I knew the superstition they were on about, only “Oh, God—it’s Banquo!” didn’t sound very Shakespearean to me. But what do I know? A few seasons on the Straw Hat Circuit playing Bianca in
Kiss Me, Kate
was as close to Shakespeare as I ever got.
“I’ve remembered!” Dame Cecile declared triumphantly. “She has to say, ‘Fair thoughts and happy hours attend on you’ from
The Merchant of Venice
. And then there’s reciting ‘Angels and Ministers of Grace defend us.’ That’s supposed to ward off the bad luck, too. She’d better do both of them, to be on the safe side. And never, never, never”—she glared at poor Jocasta—“quote from That Play again!”
“I wasn’t quoting anything,” Jocasta protested. “Banquo is his name. And he’s here! And he wants— He’s looking for—”
“Someone actually named a poor defenceless child Banquo?” Dame Cecile marvelled.
“Some people will do anything,” Evangeline said.
“Where’s my wife?” Banquo was beginning to sound truculent. “I know she’s here. I can smell her—her cooking, that is. She’s creating a magnificent cookbook for the Lady Lemmings.”
“I beg your pardon,” Hugh said icily. “But it’s
my
wife who is creating that cookbook and— Oooof!” There was the sound of a scuffle. “Come back here!”
“You never saw me!” Jocasta clutched my arm desperately. “You don’t know where I am! You never heard of me!” She dashed into the bathroom and bolted the door behind her.
“That girl”—Evangeline looked at the closed door—“has been acting very oddly ever since we got back from Brighton.”
“Woman,” Dame Cecile corrected. “They all want to be called women these days. But have you noticed? The more they insist on being called women, the less like real women they behave.”
“Where is she?” A tall wiry man with an unkempt beard shouldered his way into the room and took up a belligerent stance.
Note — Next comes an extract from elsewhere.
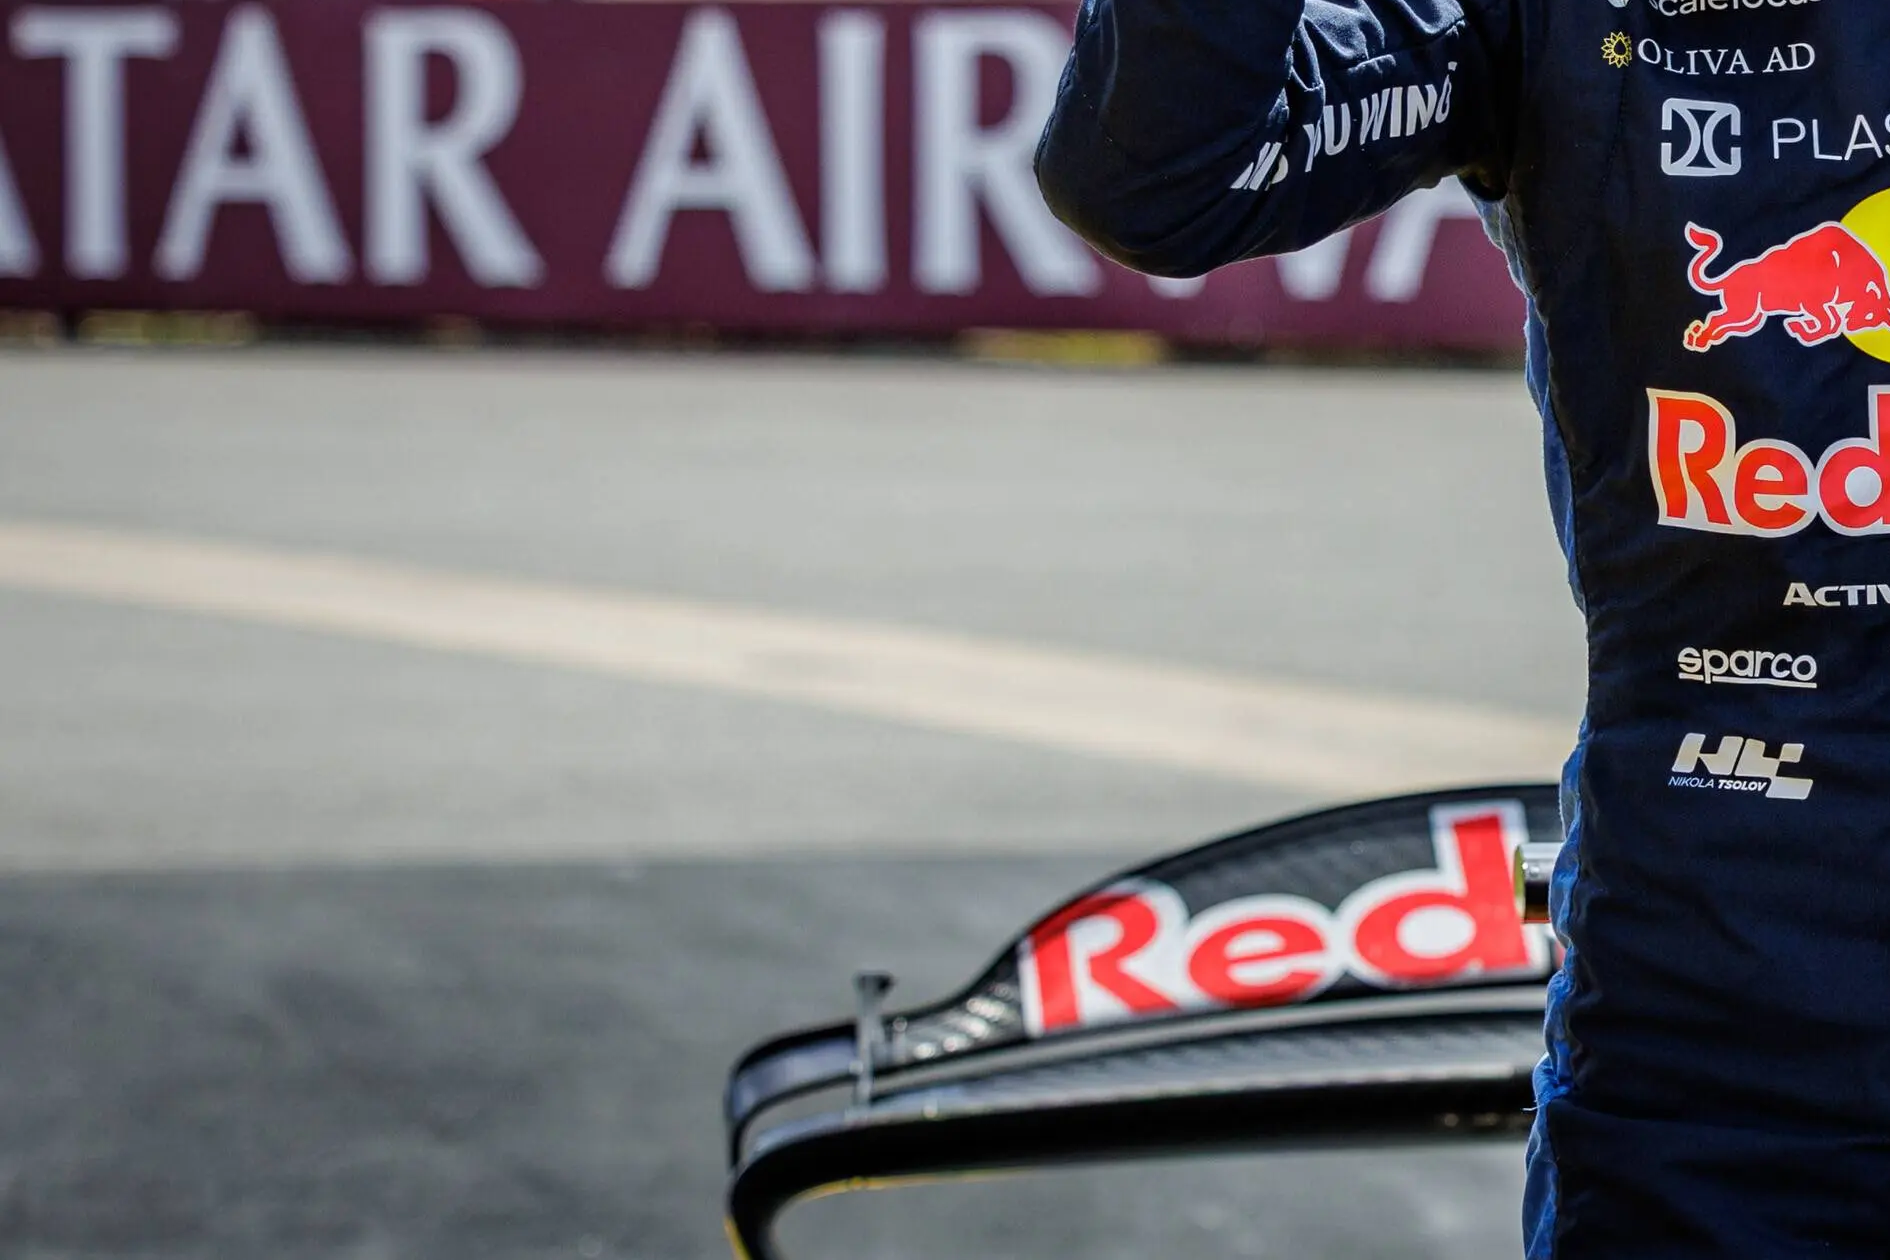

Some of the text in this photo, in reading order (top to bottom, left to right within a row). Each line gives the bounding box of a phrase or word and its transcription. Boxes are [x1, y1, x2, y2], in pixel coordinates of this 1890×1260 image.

“Melisande—” he called. “Melisande—your Banquo has returned! I have dreamed of you through all those Arctic nights—and now I am back triumphant to claim my bride! Where are you? Where is the best little cook in the world?”
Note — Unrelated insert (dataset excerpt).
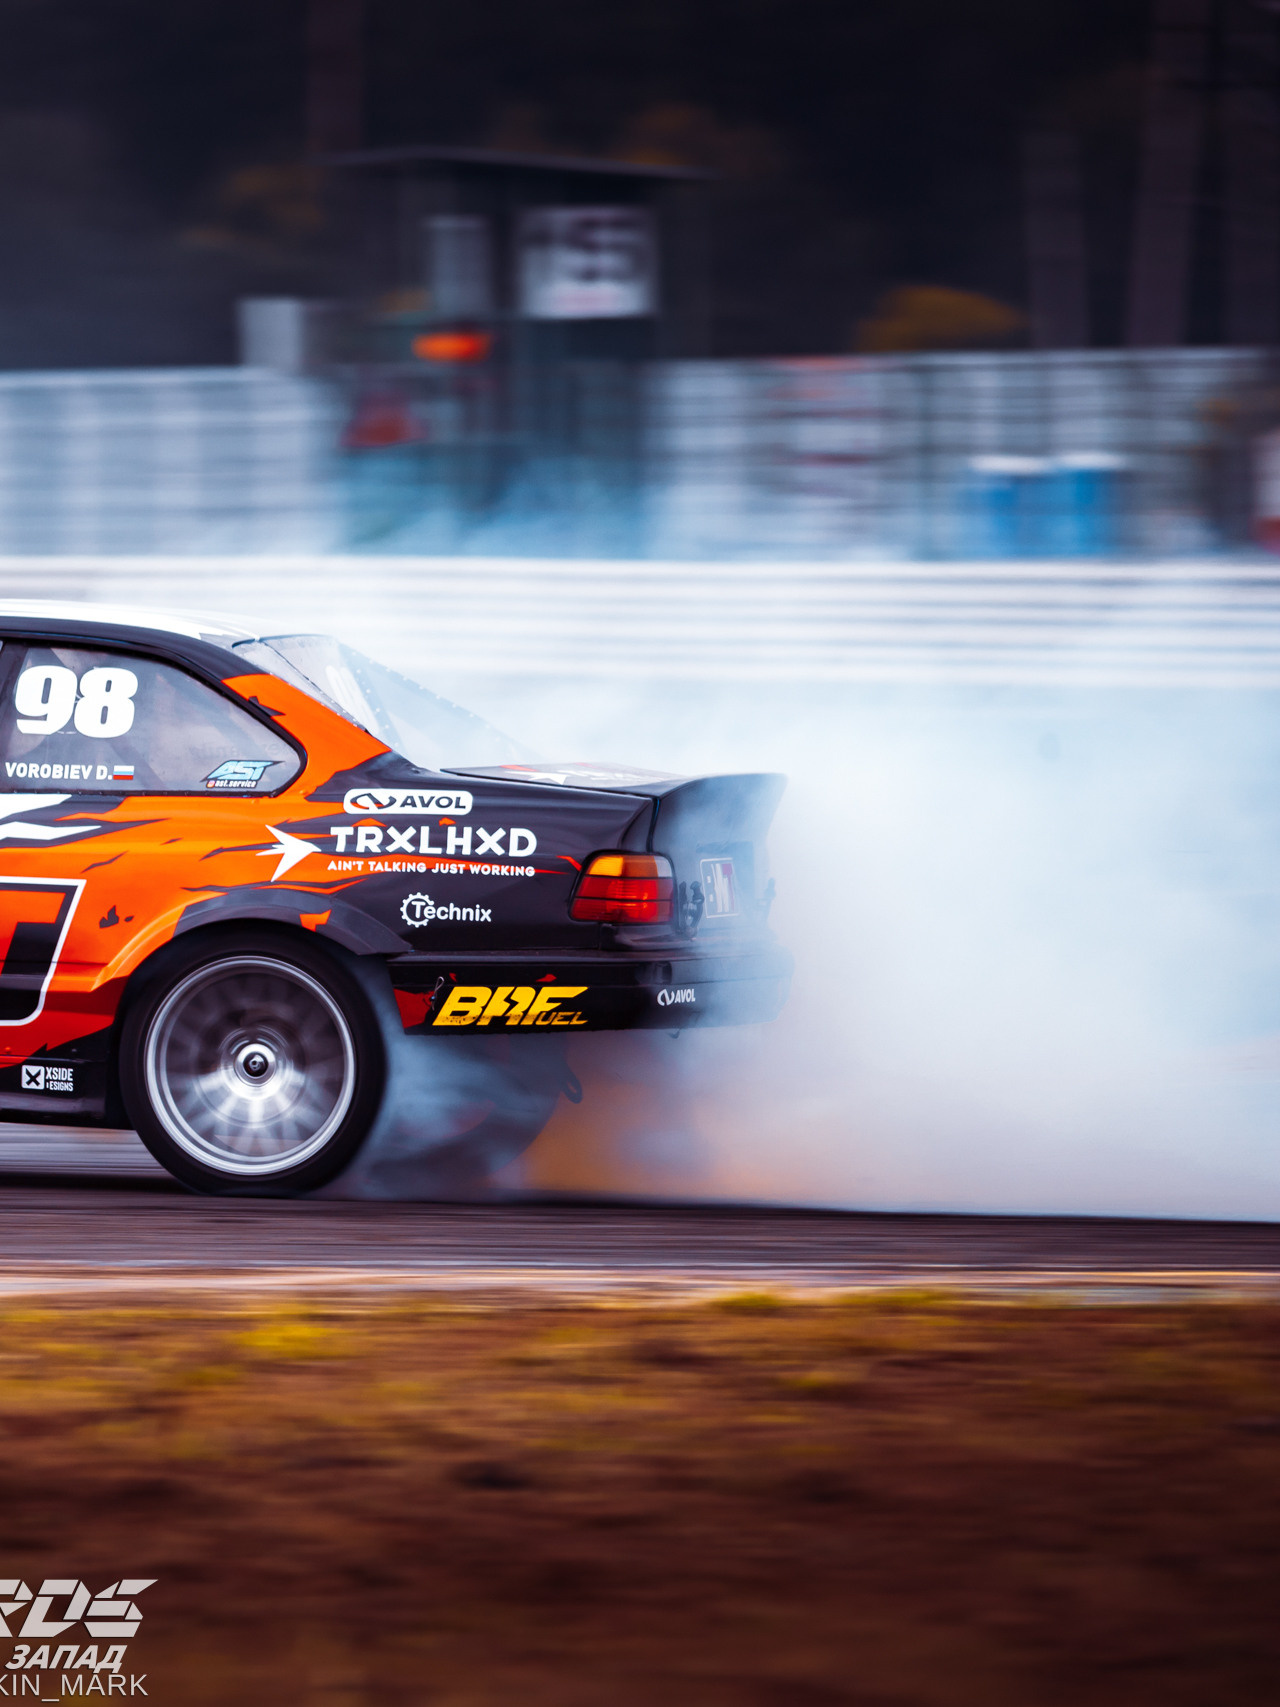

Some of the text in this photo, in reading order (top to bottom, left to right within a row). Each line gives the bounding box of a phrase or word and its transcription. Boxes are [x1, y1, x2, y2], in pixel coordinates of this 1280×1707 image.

“Oh, Hugh!” Martha came out of the larder laughing. “That is the worst imitation of a male chauvinist pig I have ever—”
Banquo moved forward to block her path. They looked at each other with growing incredulity.
“Who”—they demanded simultaneously—“are you?”
“Martha is my wife!” Hugh pushed past Banquo to stand at Martha’s side and put a protective—and proprietary—arm across her shoulders. “As I keep telling you.
She
is the compiler and creator of the Lady Lemmings’ cookbook.”
“She can’t be,” Banquo said. “Melisande is. Where is Melisande? What have you done with her?”
“
Who
is Melisande?” Martha moved closer to Hugh. “I’ve never heard of her.”
“Melisande is
my
wife, the perfect cook, the perfect woman. I want to see her. I want her now.”
“Are you sure—” Evangeline asked delicately. “Are you quite sure you don’t mean Jocasta?”
“Jocasta?” He was astonished—and affronted. “Why would I want to see
her
?”
There was a muffled sob from the bathroom. I frowned Evangeline to silence. Occasionally, she can take a cue.
“See here!” Hugh had had enough. “You barge your way in here, shout and bully your way around—and you haven’t even had the decency to introduce yourself. Who the hell are you?”